18.10.07 | Consumidor

A 11ª Câmara Cível do TJMG confirmou sentença do juiz Jaubert Carneiro Jaques, que condenou a empresa aérea S/A Viação Aérea Rio Grandense, a reparar o médico Paulo Ferrara de Almeida Cunha, por danos morais, no valor de R$5mil e danos materiais no valor de R$1.651,32, pois perdeu o vôo que o levaria a um Congresso em Punta Del Este.

O oftalmologista comprou uma passagem para Punta Del Este, onde iria proferir palestra em um Congresso de Medicina. Ao chegar à sala de embarque internacional em São Paulo , deparou-se com uma grande fila, provocada pela greve da polícia federal, e foi informado de que seu vôo atrasaria.

O médico alega que foi procurar informações no balcão da companhia aérea e lhes esclareceram que seu vôo já havia partido, mas que teria outro mais tarde. Ficou esperando durante mais de três horas e ao embarcar foi informado, já dentro do avião, de que este não poderia decolar devido aos problemas técnicos.

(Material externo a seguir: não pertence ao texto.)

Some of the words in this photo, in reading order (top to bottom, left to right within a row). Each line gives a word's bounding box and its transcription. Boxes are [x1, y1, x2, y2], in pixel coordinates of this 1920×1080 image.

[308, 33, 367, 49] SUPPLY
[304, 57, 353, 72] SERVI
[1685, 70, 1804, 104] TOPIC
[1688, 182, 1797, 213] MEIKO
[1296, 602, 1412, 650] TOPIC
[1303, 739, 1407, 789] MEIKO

O passageiro pernoitou em São Paulo e, no dia seguinte, optou por voltar para Belo Horizonte. Foi então que ele ajuizou ação pleiteando reparação por danos morais e materiais, sob a alegação de que firmou um contrato de transporte com a empresa aérea, mas não chegou ao seu destino final, o que lhe acarretou prejuízos de ordem econômica e profissional.

A empresa, em sua contestação, alegou que em decorrência da greve da Polícia Federal os passageiros eram chamados para seus vôos na fila, sob a orientação do comando de greve, não havendo, portanto, responsabilidade por parte da mesma. Além disso, o cancelamento do vôo se deu por defeito técnico, caracterizando, assim, caso fortuito, ou de força maior.

A turma julgadora manteve a sentença, que acatou o pedido do médico, por entender que, em relação de consumo, existe a responsabilidade objetiva, o que torna a empresa, que celebrou o contrato, obrigada a indenizar pelo descumprimento deste.

Para o relator, Duarte de Paula, "se no bilhete de passagem contém número e o horário de vôo, obriga-se a empresa aérea, que o emitiu, a cumpri-lo, estando obrigada a transportar o passageiro em segurança, desde a origem até o seu destino final, sob pena de responsabilizar-se pelos danos oriundos da inobservância do contrato, não lhe se servindo de escusa a alegação de que a responsável pelo vôo do autor até Ponta Del Este, no Uruguai, seria de outra empresa aérea". (Proc. n° 1.0024.04.309734-4/001)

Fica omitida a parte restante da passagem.